Marcia Haley is one of my favorite people. She's angelic in some ways. Something happened to her when she was a young girl to slow her intellectual development. I don't know what it was, I've only known her for the past eight or ten years and so what was "lost" in that episode doesn't occur to me. All I know is that this sweet woman from a prominent family in our church never misses the opportunity to find me every Sunday morning for a hug and a kiss and to give Blaise and Dusty her best. She's often wearing an alb and is the most reliable acolyte or chalice bearer at the 10:30 service.
During the Gospel reading at Trinity, an acolyte will take the cross (a 6 foot tall pole with hand-carved cross at the top) to the center aisle somewhere around a third of the way back. When the cross passes at the processional or recessional and Gospel reading, it is customary to bow, indicating our own insignificance in the presence of the Christ resurrected.
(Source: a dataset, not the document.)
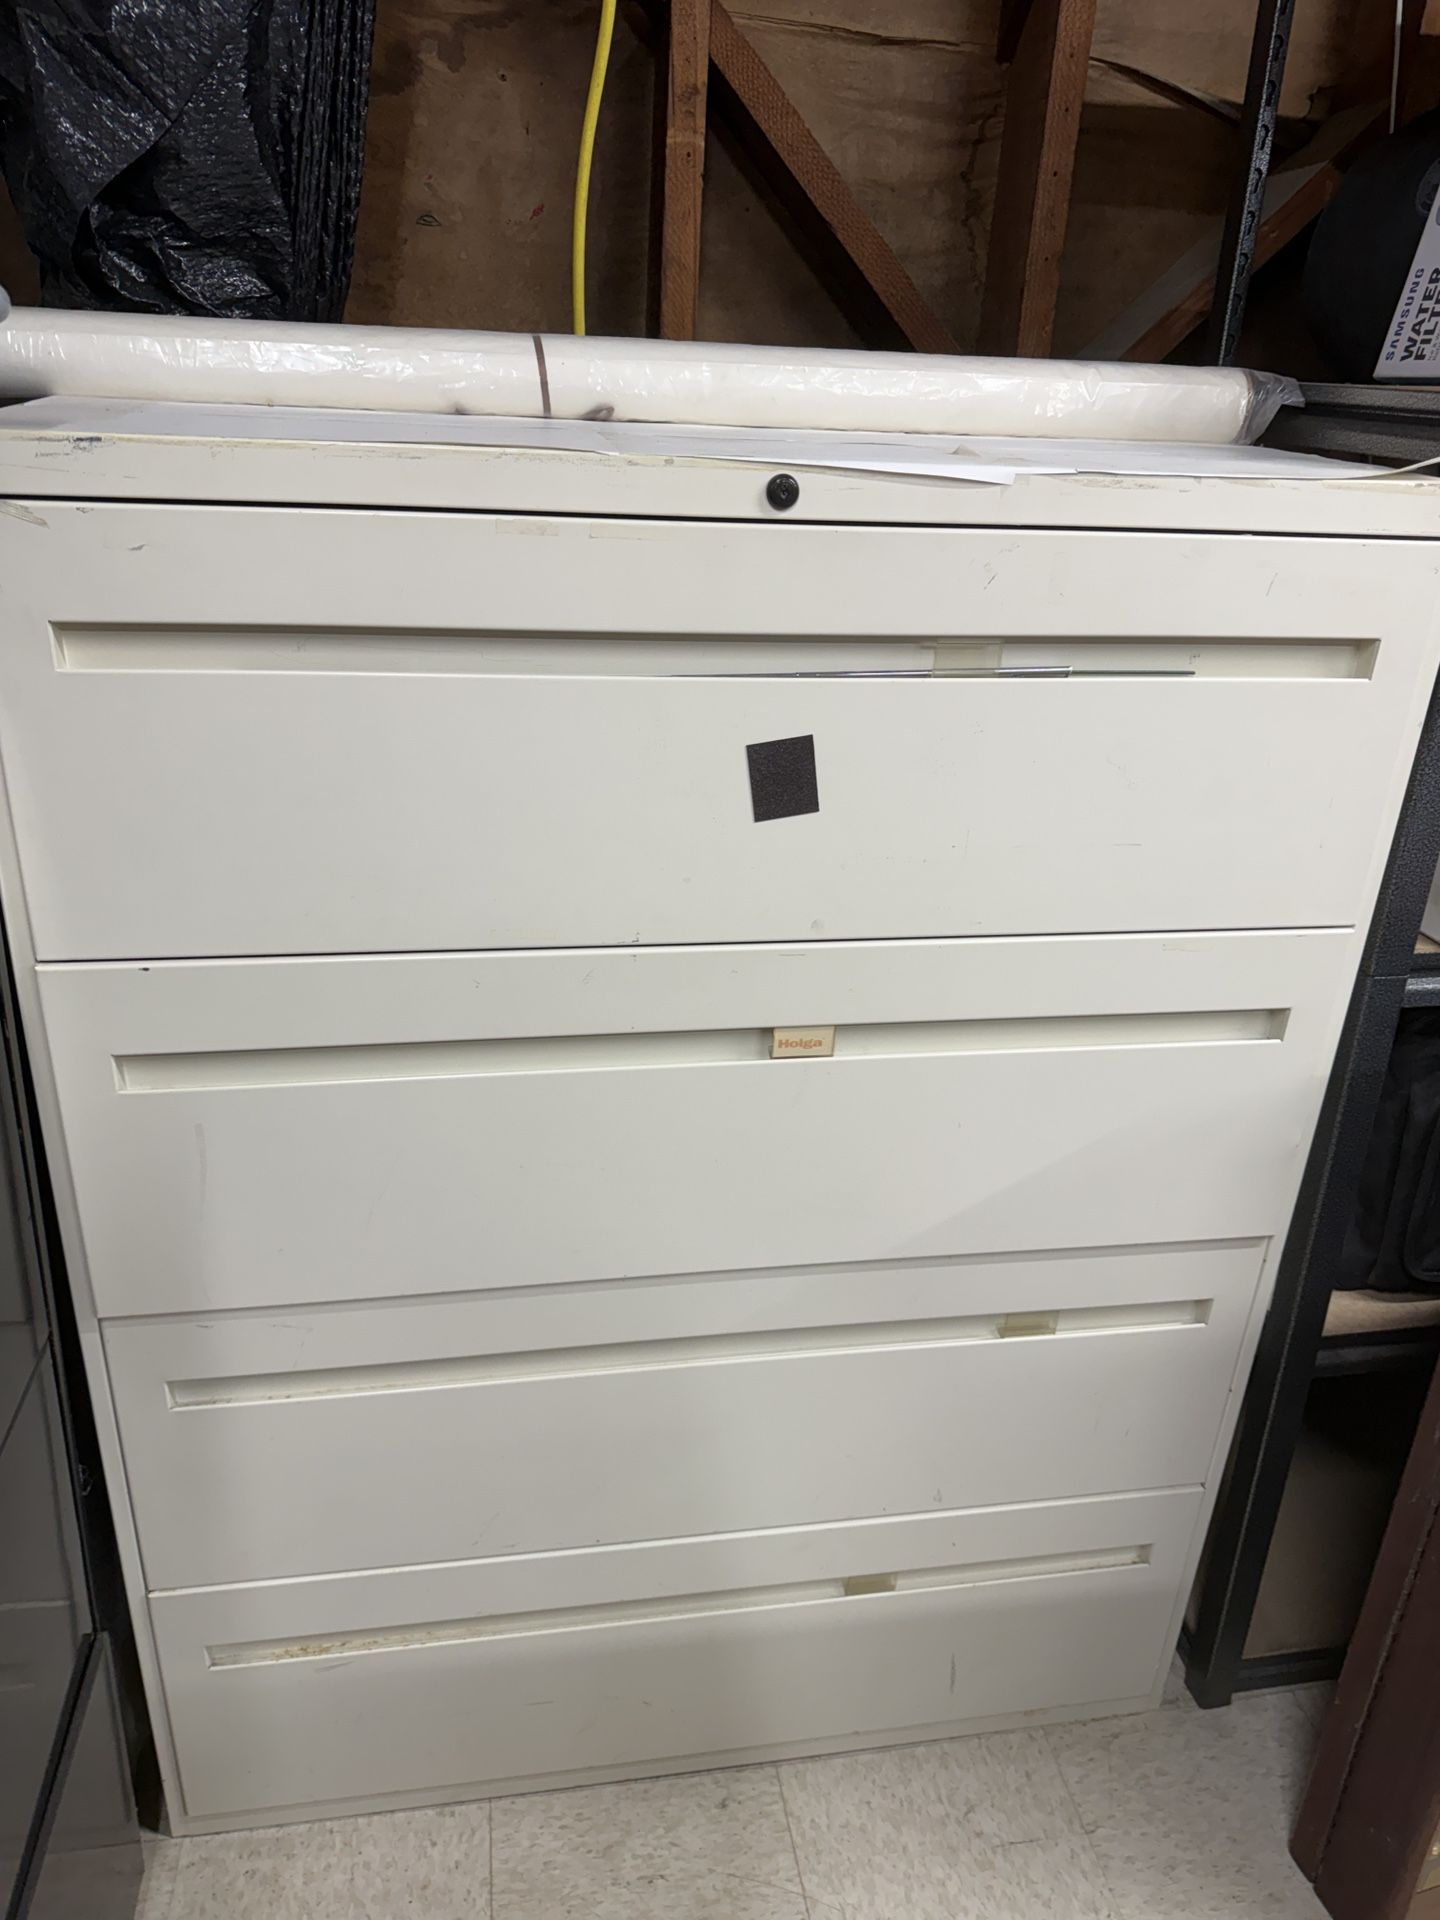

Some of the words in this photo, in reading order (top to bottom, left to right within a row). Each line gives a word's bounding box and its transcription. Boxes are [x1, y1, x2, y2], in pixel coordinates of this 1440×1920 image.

[1385, 268, 1424, 361] SAMSUNG
[1400, 267, 1440, 362] WATER
[778, 1038, 823, 1050] Holga
Dusty's first morning as acolyte many years ago was unforgettable. He made it in carrying the cross just fine. It was at the Gospel reading when, as usual, he was followed to the center aisle by a chalice bearer carrying the Bible, and then the Deacon whose privilege it is to perform the reading. Only Dusty didn't stop a third of the way down the aisle. He, not able to see behind him, carried the cross all the way to the back of the church and out the door. The Bible and deacon stopped in the correct place. When Dusty finally turned around, Deacon Dave, a mountain of a man, smiled and gestured for him to come back. Dusty at his best.
Two years ago, many insignificant things started to loom large in the eyes my faith. I began to notice small nuances. And one of those was, and still is, Marcia.
I see her walking through town alone, from time to time. She walks because she cannot drive. I think she takes care of herself pretty well, doing her own shopping and preparing meals. I would guess her to be in her fifties now. We all know people like her. They don't fit very well into our view of "productive" society. We've placed such a high value on accomplishments and personal bests. By many standards, Marcia has little value. She has a quiet and simple sense of humor. I've never heard her argue the finer points of theology, but she did confess to me after my accident that she had prayed for me "all the time". I'd wager, those were prayers God was most happy to receive. In fact that first day back in church after six weeks in the trauma unit plus several more at home, is hard for me to remember. One thing that stands out is Marcia Haley hugging me over and over, and when she finally let go, I saw she was crying.
But the smallest thing is something I can't shake very well. It is when Marcia carries the cross. At the processional, when the cross leads her past me, I bow. At the Gospel reading, leading the Bible and the deacon, I bow again. And as the whole gang, acolytes, chalice bearers, deacon, lector, and finally priests make their way to the narthex, they are led by the cross, borne by Marcia Haley. Blink and you'll miss it. There are so many layers of meaning in it.
The least of these, redeemed by the most powerful reminder in the building, the Cross. She stands, made mighty, because of the cross. All around the room, as she walks by, important lawyers and businessmen, retired and visiting priests, intellectual giants and educated scholars... all of them, to the man and woman... bows. Marcia Haley, whom I see walking into town is merely Marcia Haley. But put the cross in her hands, and she is the most scandalously powerful person in the building. Of course nobody is bowing to her. Nor does anyone bow to the object, as if it were an idol. We are bowing to what is behind both. Sometimes I nearly gasp at the thought of it.
The very idea that this meek woman would hold such a precious thing. And why shouldn't she?! That's the point. We are, everyone of us, unworthy and castoffs without that cross. We bow to the idea of it...and paradoxically, at the same time, the reality of Christ. Why shouldn't we hold the idea of, and therefore the reality of each person as precious. And that picture, is the greatest image of Grace, like a living breathing icon, that I've ever known.
The angels have so often been portrayed as messengers. And there's that side of Marcia. The Sunday morning hug and her kiss on my cheek, her respectful "good morning Mr. Douros", and her almost shy departure at the end of it all makes me wonder why I don't bow when I see her on the street.
All of this has caused me to look around a lot more on Sunday mornings. There's meaning in almost every one of Christopher's gestures. Even individual cuts of stained glass in each panel can carry a whole biblical truth. Certain candles. The incense. Hundreds of details in each icon. The carefully chosen words of the Nicene Creed. (Even down to specific phrases). All of it layered full of meaning. At the end of a service I've taken away a single morsel that will feed my soul for weeks. That's where Marcia and I have so much in common. Those massive truths go on without us both. It's when we take hold of any one of them, and especially the cross, that our esteem goes beyond anything humanly measurable.